Ruhe! Vollkommene, harmlose Gleichgültigkeit! Dies sind die einzigen Mittel, ein eignes und ein fremdes Herz zu beruhigen.

Wird sie es vermögen?

Neben aller Angst und Aufregung, neben all dem fassungslosen Erschrecken braust dennoch ein Sturm jauchzender Glückseligkeit durch ihr ganzes Sein und Wesen. Die jähe Helle blendet sie, – und dennoch möchte sie laut aufschluchzend die Arme heben und alles vergessend in die Flammen hineinstürmen!

Sie kann es nicht fassen, nicht glauben, – und dennoch möchte sie doch so gern die unbegreiflich liebe Sprache seines Auges verstehen! ,

Er, den sie jahrelang voll schwärmerischer Innigkeit geliebt und verehrt, er, der wie ein Heiligenbild hoch und erhaben, verloren für ewige Zeit, vor ihr gestanden, er neigt sich plötzlich und nimmt des armen Wegekrauts wahr, wie die Sonne, die jählings die tiefen Schatten durchbricht und der vergessenen Blüte in Liebe gedenkt.

Benedikta faltet die zitternden Hände und preßt sie gegen das Herz, lehnt das Köpfchen zurück und lächelt durch Tränen banger Qual.

 

Der Kaffee, der auf dem kleinen Rauchtisch vor Prinz Percy stand, war kalt geworden, ebenso kalt wie die Zigarre, die er noch mechanisch zwischen den Zähnen hielt.

Über die Zeitung hinweg starrte er geradeaus, und die Schatten des regnerischen Maitages warfen ihre Schleier auch über seine Stirn.

Er hatte mehr gefragt als er beabsichtigte, und was er zur Antwort erhalten, hatte eine Krise in seinem Herzen heraufbeschworen.

Marga Daja liebte! Sie liebte einen andern, Fremden, der in irgendeinem geheimnisvollen Zusammenhang mit jenem verhängnisvollen Schneesturm steht.

Diese Gewißheit rüttelt sein Phlegma, seine Gleichgültigkeit gegen alles, was ehedem Liebe hieß, aus dem starren Todesschlaf, in dem es gelegen. Das Blut, das vordem so kühl durch seine Adern gerollt war, schäumte auf in leidenschaftlicher Erregung und revoltierte gegen die Schranken, die ihm das Schicksal auf den Weg zum Glück baute.

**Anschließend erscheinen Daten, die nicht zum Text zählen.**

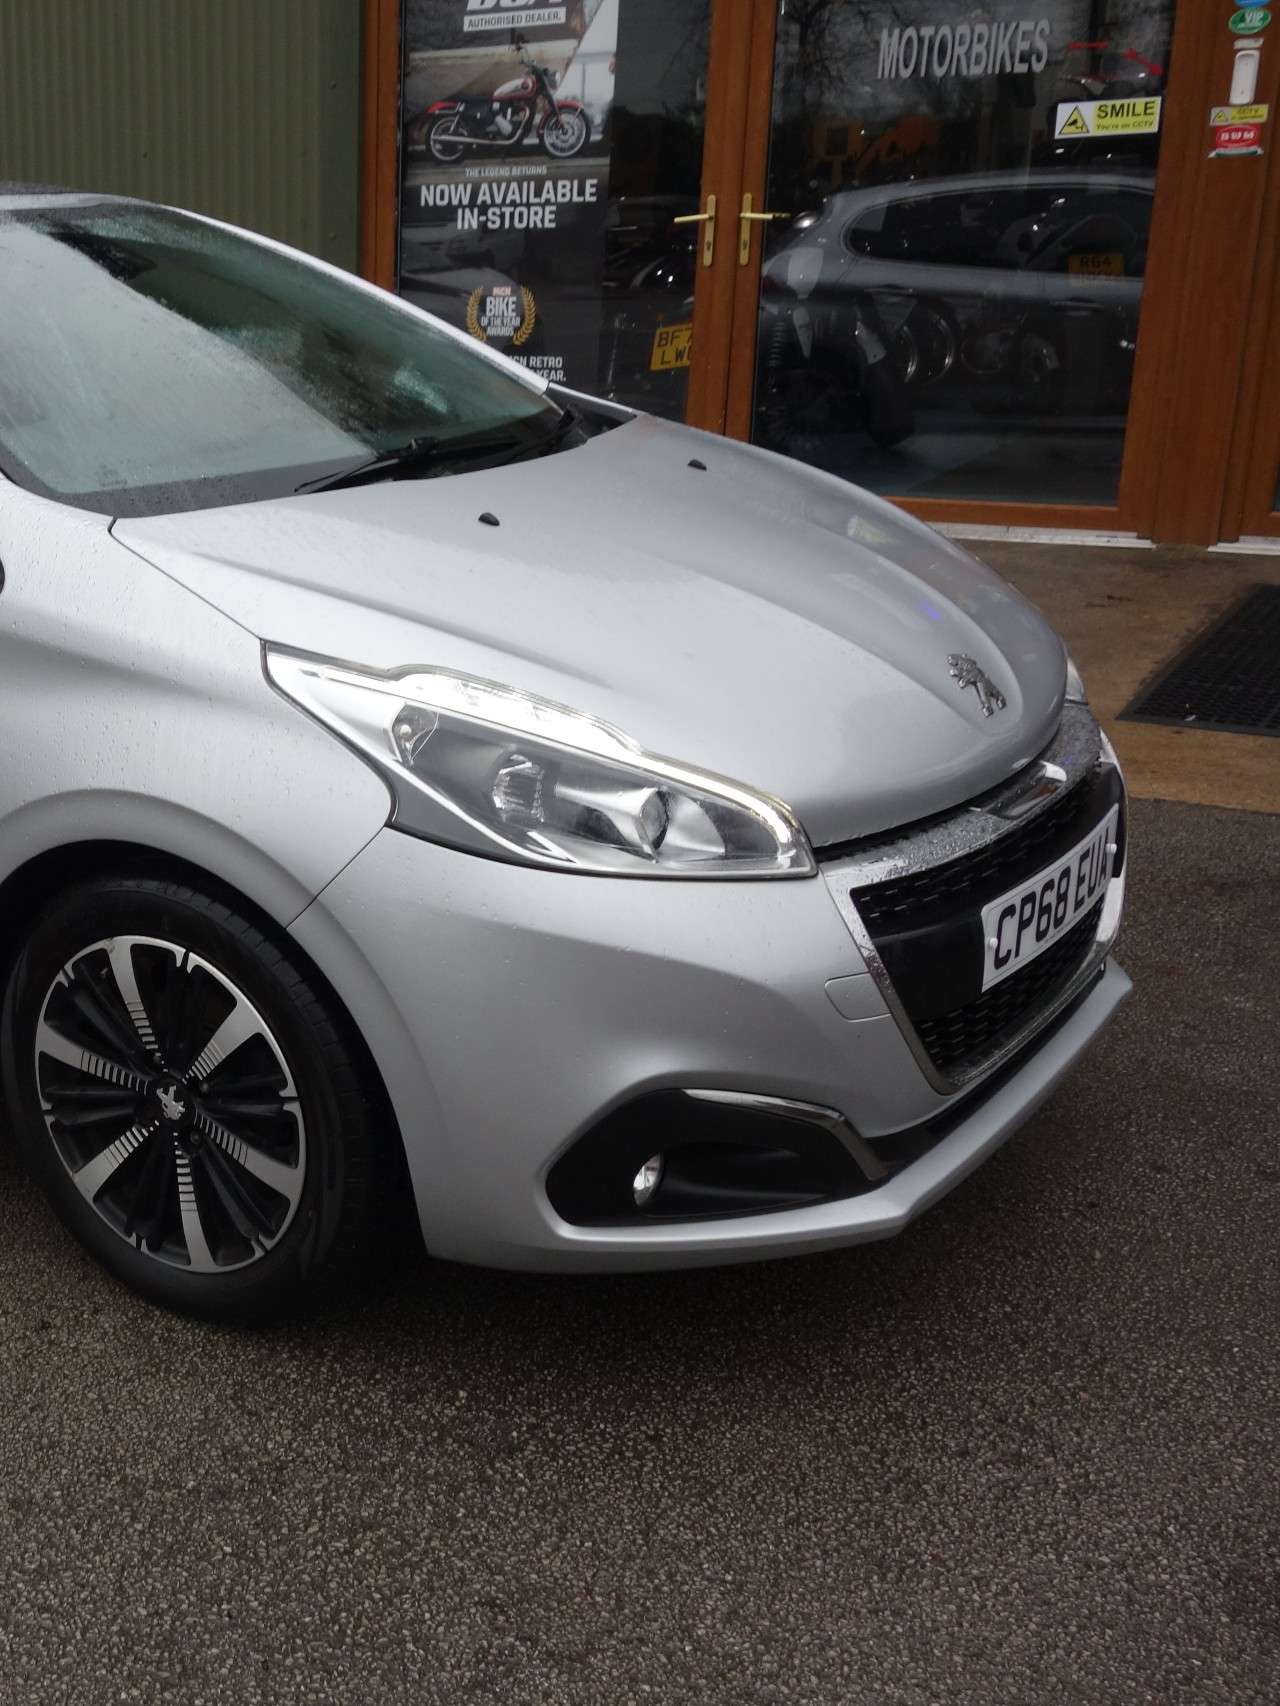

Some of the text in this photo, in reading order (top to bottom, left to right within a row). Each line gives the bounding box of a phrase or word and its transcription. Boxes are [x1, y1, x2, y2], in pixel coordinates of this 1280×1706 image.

Konvenienz! – Welch leerer, toter Klang für ihn! Ihm bindet sie nicht die Hand, seine Person spielt keine Rolle in der Politik, und wenn seine drei Brüder standesgemäß heiraten, so ist es wohl nur wünschenswert, wenn er den Stammbaum legitimer Prinzen nicht allzu breit wachsen läßt. Er weiß es, daß man ihm keine Schwierigkeiten in den Weg legen wird, falls er einen Herzensbund schließen will, ebensowenig wie man ihm verwehrte, den Pfad ernster und privater Wissenschaft zu wandeln.

Das aber, was ihm als unbezwingliches Hindernis einzig den Weg vertritt, ist Marga Daja selbst, sie und ihre Liebe zu einem andern.

Kann er kraft seines Namens und seiner fürstlichen Macht alles erkaufen, was eine Welt an Begehrlichem bietet, eines kauft er niemals: das Glück der Liebe, jener einzigen Liebe, nach der er mit tausend heißen Wünschen der Sehnsucht verlangt. Arm, hungernd, darbend nach dem Reichtum ihres Herzens steht er, der Prinz aus königlichem Hause, vor dem jungen Weibe, das ohne Namen, verlassen und verloren im Elend, nur die opfermutige Barmherzigkeit im Hause aufgenommen. Ein Bettler an allem Glück bleibt er sein Leben lang, wenn sie von ihm geht, wenn er umsonst die Hände flehend zu dem hellen Stern hebt, dessen Strahlen nicht jedem Irdischen eine Krone flechten. –

Sein Haupt sinkt tief zur Brust. Er verschlingt die Hände machtlos im Schoße und ergibt sich in ein Schicksal, das als höchste und göttlichste Macht alle Menschen gleich, zu einem Volk von Brüdern macht.

Und dann blickt er voll freudiger Zuversicht hinaus in den Frühlingssturm. Wo soeben noch schwarze Wolken jagen, strahlt morgen wohl Sonnenschein, und wo heute die Verzagtheit an kein Glück mehr glauben will, wirft es ihr morgen Gottes Gnade unverhofft in den Schoß.